(SOURCE DATA Opens)
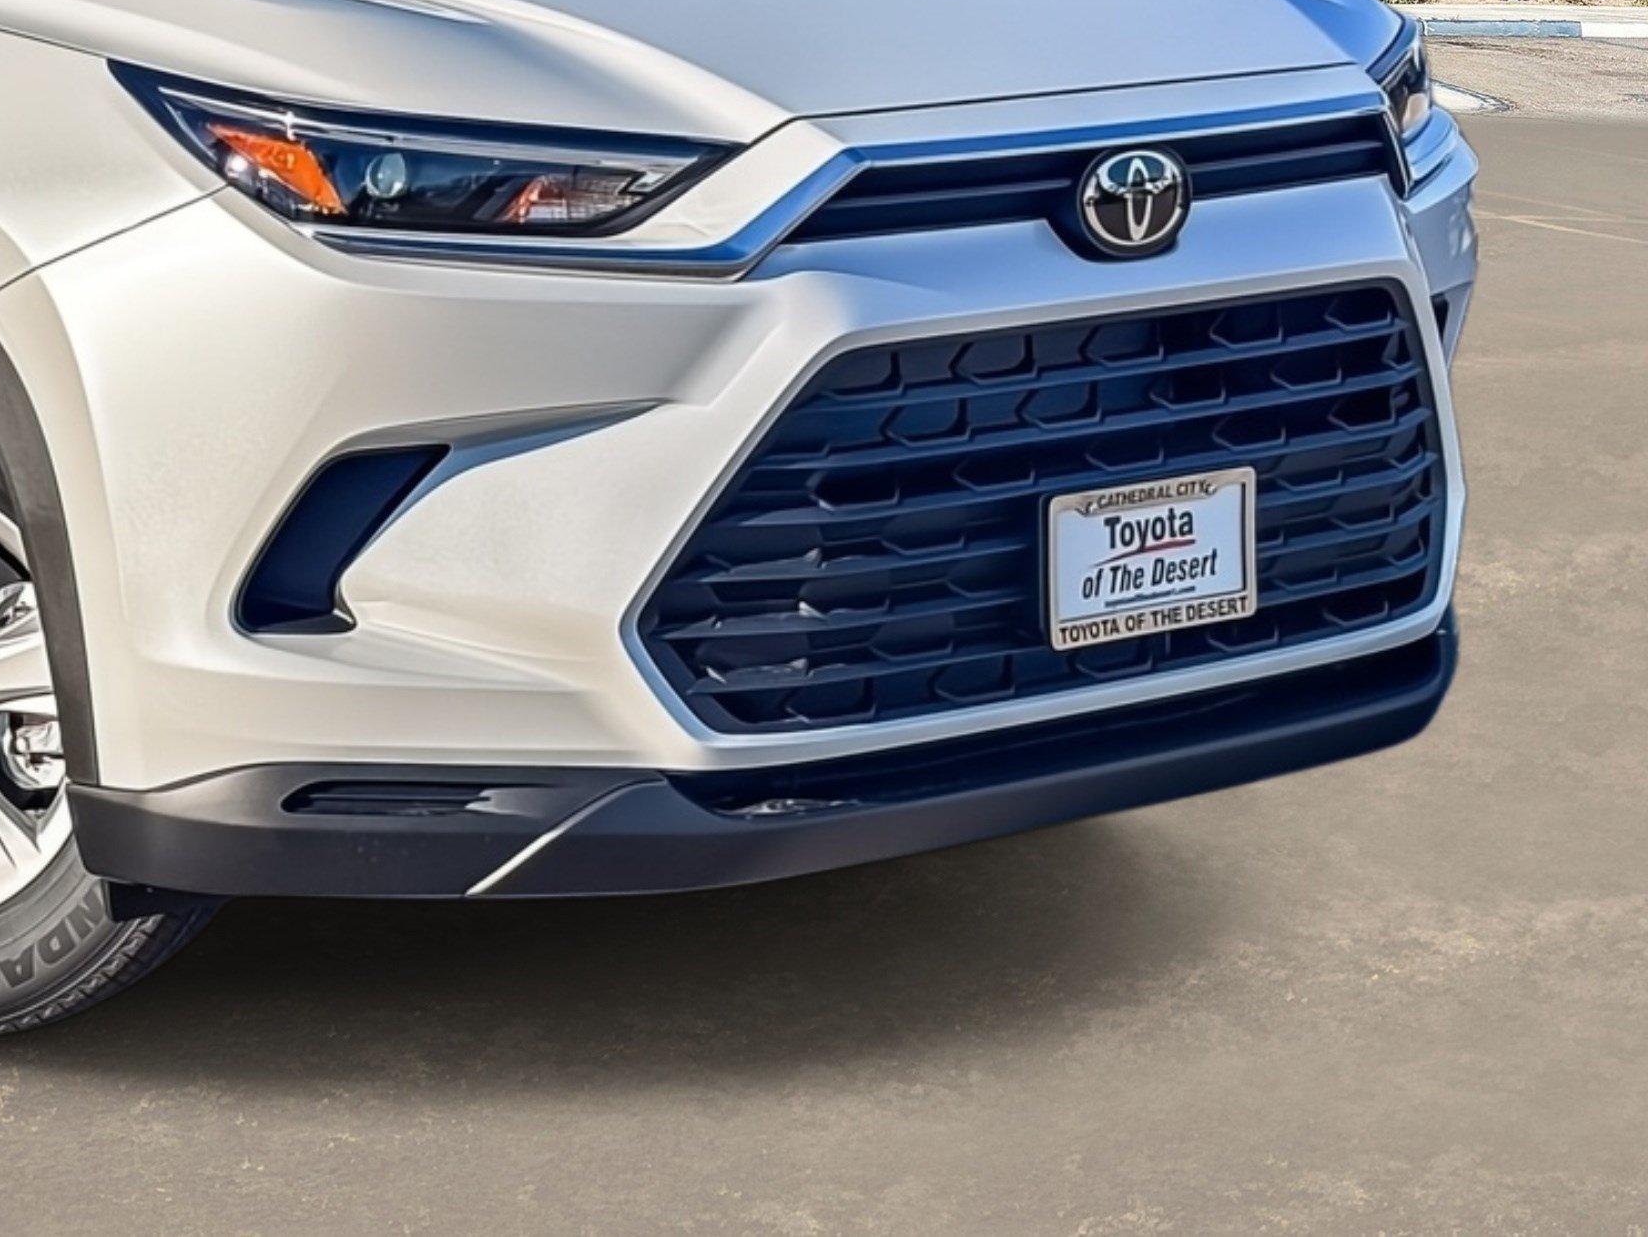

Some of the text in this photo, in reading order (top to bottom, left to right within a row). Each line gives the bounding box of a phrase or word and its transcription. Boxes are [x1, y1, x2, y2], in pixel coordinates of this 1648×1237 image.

[1096, 480, 1207, 510] CATHEDRAL CITY
[1104, 508, 1194, 549] Toyota
[1082, 568, 1104, 599] of
[1110, 564, 1145, 593] The
[1151, 549, 1218, 586] Desert
[1059, 620, 1120, 644] TOYOTA
[1125, 614, 1146, 631] OF
[1151, 607, 1183, 625] THE
[1186, 596, 1249, 622] DESERT
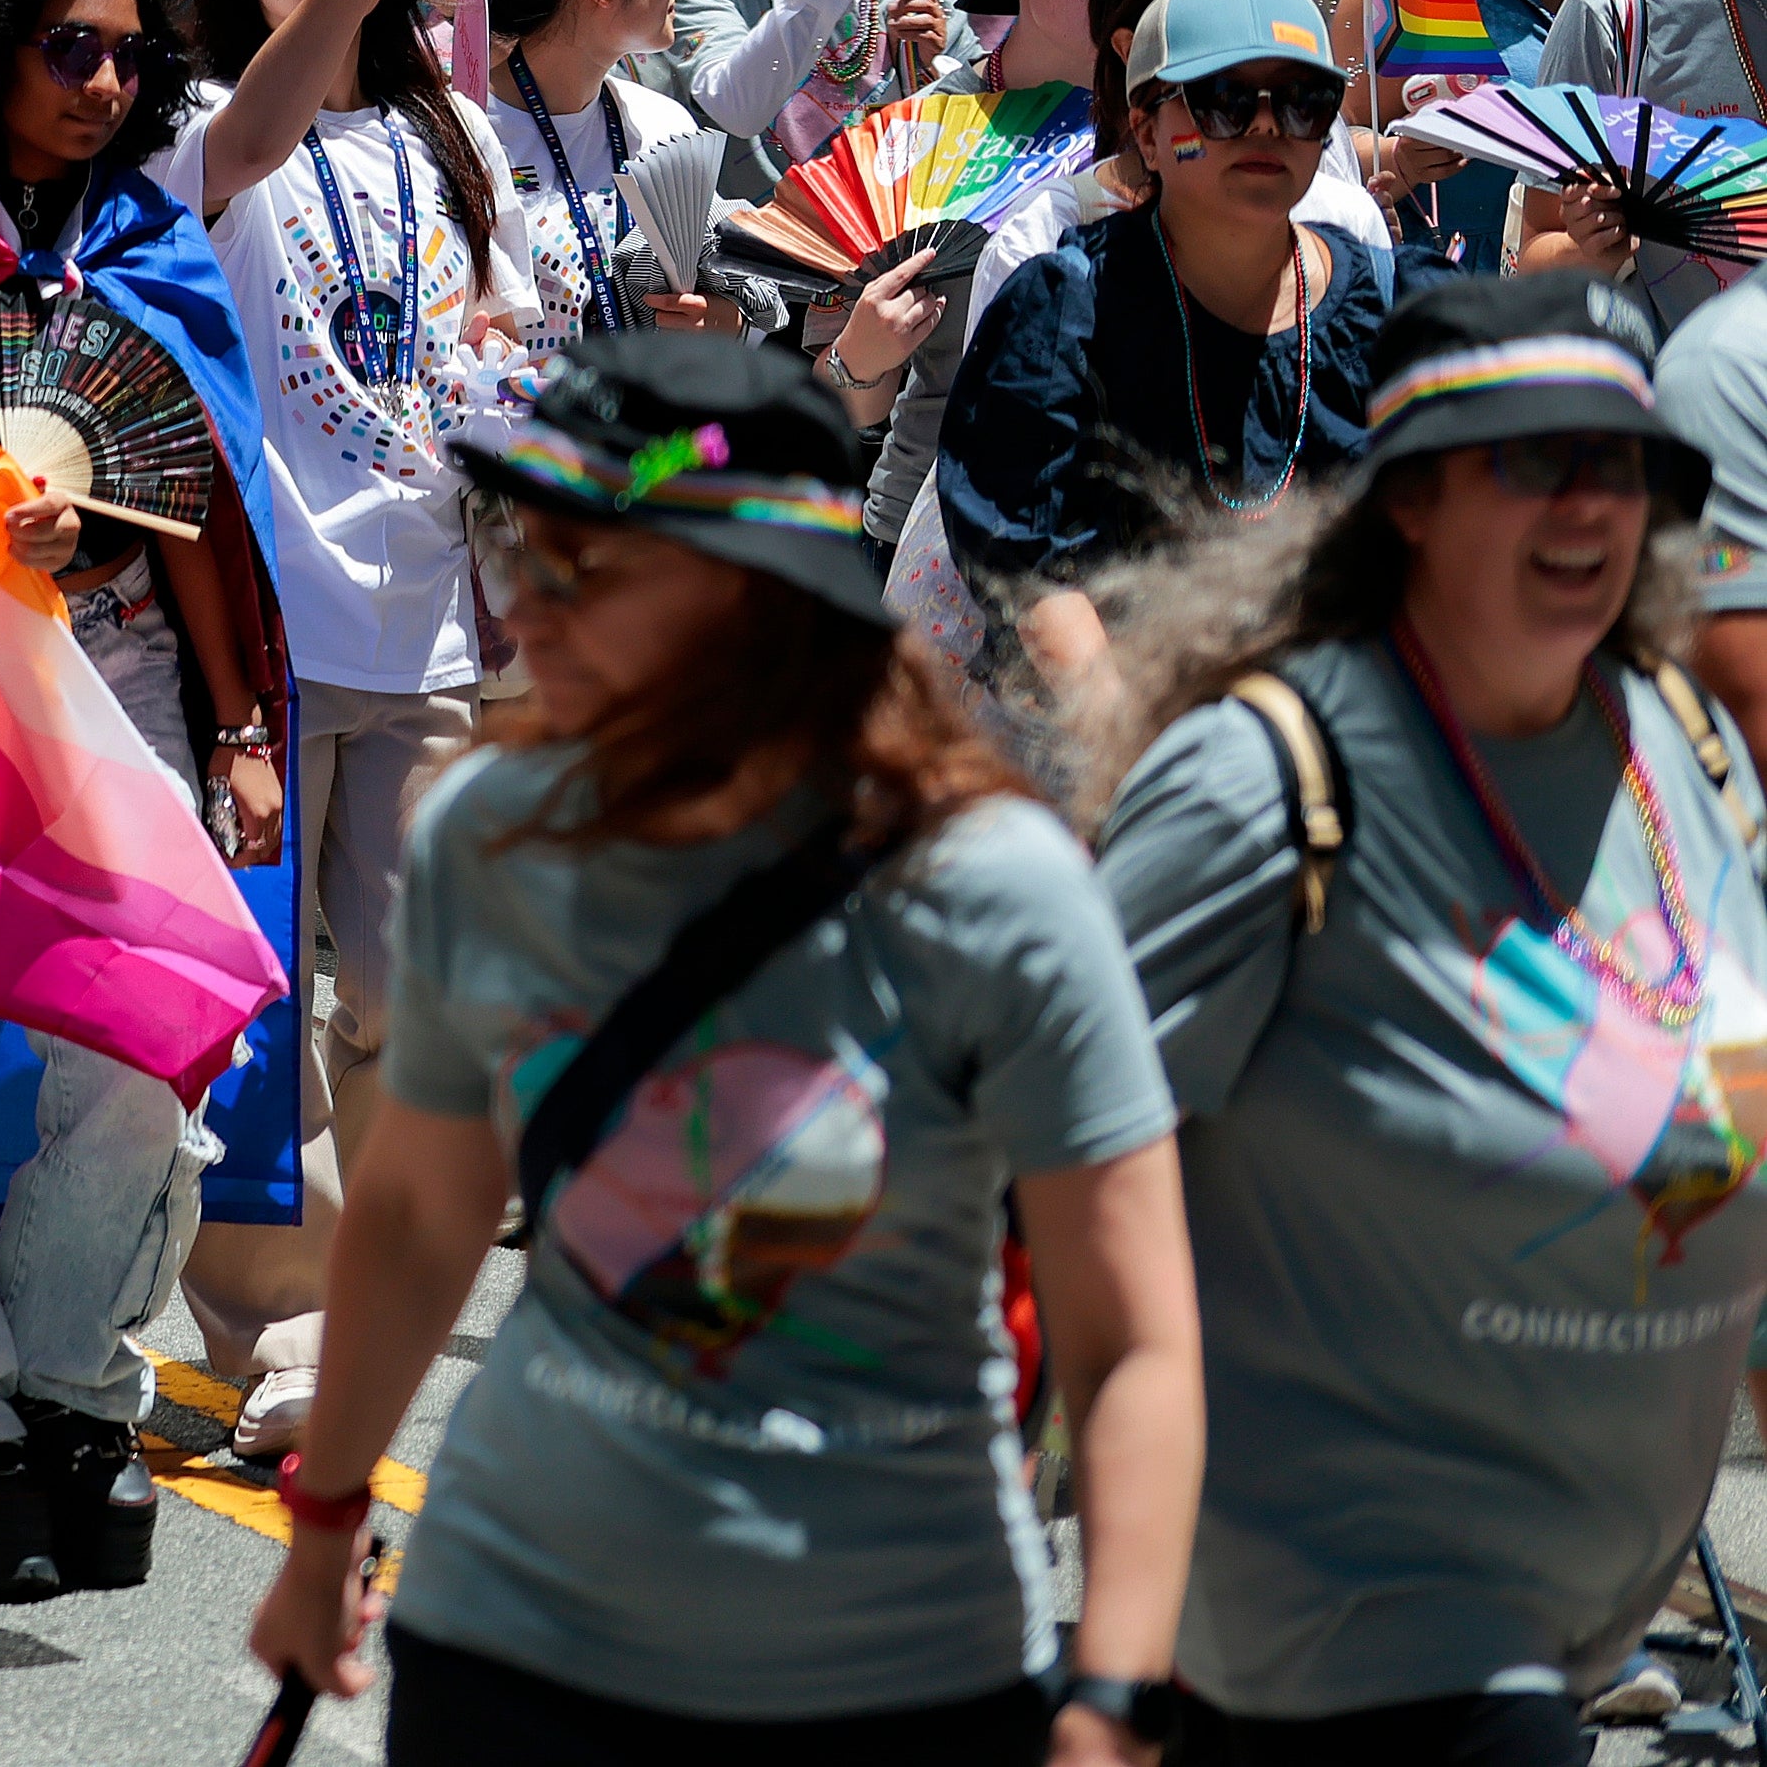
(SOURCE DATA Closes)
**EXERCISE PROMPT**
Give back the records above exactly. Pictures stay out.

**SOLUTION FOR THIS EXERCISE**
Some of the text in this photo, in reading order (top to bottom, left to right within a row). Each line gives the bounding box of a phrase or word and its transcription. Boxes are [x1, y1, x2, y2], in pixel coordinates of this 1648×1237 image.

[1096, 480, 1207, 510] CATHEDRAL CITY
[1104, 508, 1194, 549] Toyota
[1082, 568, 1104, 599] of
[1110, 564, 1145, 593] The
[1151, 549, 1218, 586] Desert
[1059, 620, 1120, 644] TOYOTA
[1125, 614, 1146, 631] OF
[1151, 607, 1183, 625] THE
[1186, 596, 1249, 622] DESERT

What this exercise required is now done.